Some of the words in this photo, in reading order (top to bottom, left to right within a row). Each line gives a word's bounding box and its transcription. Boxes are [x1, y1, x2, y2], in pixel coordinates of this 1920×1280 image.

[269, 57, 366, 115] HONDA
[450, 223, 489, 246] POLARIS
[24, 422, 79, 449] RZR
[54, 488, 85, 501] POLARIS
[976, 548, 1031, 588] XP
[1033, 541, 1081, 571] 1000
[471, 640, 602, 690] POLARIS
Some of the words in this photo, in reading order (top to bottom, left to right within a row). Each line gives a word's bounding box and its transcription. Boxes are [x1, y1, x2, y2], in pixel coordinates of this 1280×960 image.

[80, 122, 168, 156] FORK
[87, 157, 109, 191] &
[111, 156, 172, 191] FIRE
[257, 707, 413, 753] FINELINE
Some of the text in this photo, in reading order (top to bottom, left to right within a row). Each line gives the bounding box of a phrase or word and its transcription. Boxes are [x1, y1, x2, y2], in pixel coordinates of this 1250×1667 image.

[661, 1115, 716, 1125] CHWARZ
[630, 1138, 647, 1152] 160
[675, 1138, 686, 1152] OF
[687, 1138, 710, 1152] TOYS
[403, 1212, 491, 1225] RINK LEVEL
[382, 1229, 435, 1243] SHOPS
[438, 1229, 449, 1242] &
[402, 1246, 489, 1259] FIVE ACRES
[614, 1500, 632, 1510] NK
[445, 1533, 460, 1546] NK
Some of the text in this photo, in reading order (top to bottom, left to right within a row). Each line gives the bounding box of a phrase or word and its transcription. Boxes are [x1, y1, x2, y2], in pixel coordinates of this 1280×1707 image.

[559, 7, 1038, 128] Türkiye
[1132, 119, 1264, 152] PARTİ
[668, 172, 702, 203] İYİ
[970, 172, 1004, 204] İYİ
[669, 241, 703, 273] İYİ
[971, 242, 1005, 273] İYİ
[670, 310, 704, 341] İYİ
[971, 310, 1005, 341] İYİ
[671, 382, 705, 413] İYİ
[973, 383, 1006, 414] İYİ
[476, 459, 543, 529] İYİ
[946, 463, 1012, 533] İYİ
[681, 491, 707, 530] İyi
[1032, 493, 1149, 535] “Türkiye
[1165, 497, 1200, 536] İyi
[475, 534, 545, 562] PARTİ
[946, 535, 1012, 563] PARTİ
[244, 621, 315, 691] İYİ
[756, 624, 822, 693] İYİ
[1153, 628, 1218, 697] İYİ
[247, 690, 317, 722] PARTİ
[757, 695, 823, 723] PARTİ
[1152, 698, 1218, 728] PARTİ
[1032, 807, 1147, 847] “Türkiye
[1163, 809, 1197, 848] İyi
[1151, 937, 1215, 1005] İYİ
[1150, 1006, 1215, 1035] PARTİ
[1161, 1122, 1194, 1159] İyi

**Aim of the exercise**. Retype every line of the data above exactly.

**Solved problem**.
Some of the words in this photo, in reading order (top to bottom, left to right within a row). Each line gives a word's bounding box and its transcription. Boxes are [x1, y1, x2, y2], in pixel coordinates of this 1920×1280 image.

[269, 57, 366, 115] HONDA
[450, 223, 489, 246] POLARIS
[24, 422, 79, 449] RZR
[54, 488, 85, 501] POLARIS
[976, 548, 1031, 588] XP
[1033, 541, 1081, 571] 1000
[471, 640, 602, 690] POLARIS
Some of the words in this photo, in reading order (top to bottom, left to right within a row). Each line gives a word's bounding box and its transcription. Boxes are [x1, y1, x2, y2], in pixel coordinates of this 1280×960 image.

[80, 122, 168, 156] FORK
[87, 157, 109, 191] &
[111, 156, 172, 191] FIRE
[257, 707, 413, 753] FINELINE
Some of the text in this photo, in reading order (top to bottom, left to right within a row). Each line gives the bounding box of a phrase or word and its transcription. Boxes are [x1, y1, x2, y2], in pixel coordinates of this 1250×1667 image.

[661, 1115, 716, 1125] CHWARZ
[630, 1138, 647, 1152] 160
[675, 1138, 686, 1152] OF
[687, 1138, 710, 1152] TOYS
[403, 1212, 491, 1225] RINK LEVEL
[382, 1229, 435, 1243] SHOPS
[438, 1229, 449, 1242] &
[402, 1246, 489, 1259] FIVE ACRES
[614, 1500, 632, 1510] NK
[445, 1533, 460, 1546] NK
Some of the text in this photo, in reading order (top to bottom, left to right within a row). Each line gives the bounding box of a phrase or word and its transcription. Boxes are [x1, y1, x2, y2], in pixel coordinates of this 1280×1707 image.

[559, 7, 1038, 128] Türkiye
[1132, 119, 1264, 152] PARTİ
[668, 172, 702, 203] İYİ
[970, 172, 1004, 204] İYİ
[669, 241, 703, 273] İYİ
[971, 242, 1005, 273] İYİ
[670, 310, 704, 341] İYİ
[971, 310, 1005, 341] İYİ
[671, 382, 705, 413] İYİ
[973, 383, 1006, 414] İYİ
[476, 459, 543, 529] İYİ
[946, 463, 1012, 533] İYİ
[681, 491, 707, 530] İyi
[1032, 493, 1149, 535] “Türkiye
[1165, 497, 1200, 536] İyi
[475, 534, 545, 562] PARTİ
[946, 535, 1012, 563] PARTİ
[244, 621, 315, 691] İYİ
[756, 624, 822, 693] İYİ
[1153, 628, 1218, 697] İYİ
[247, 690, 317, 722] PARTİ
[757, 695, 823, 723] PARTİ
[1152, 698, 1218, 728] PARTİ
[1032, 807, 1147, 847] “Türkiye
[1163, 809, 1197, 848] İyi
[1151, 937, 1215, 1005] İYİ
[1150, 1006, 1215, 1035] PARTİ
[1161, 1122, 1194, 1159] İyi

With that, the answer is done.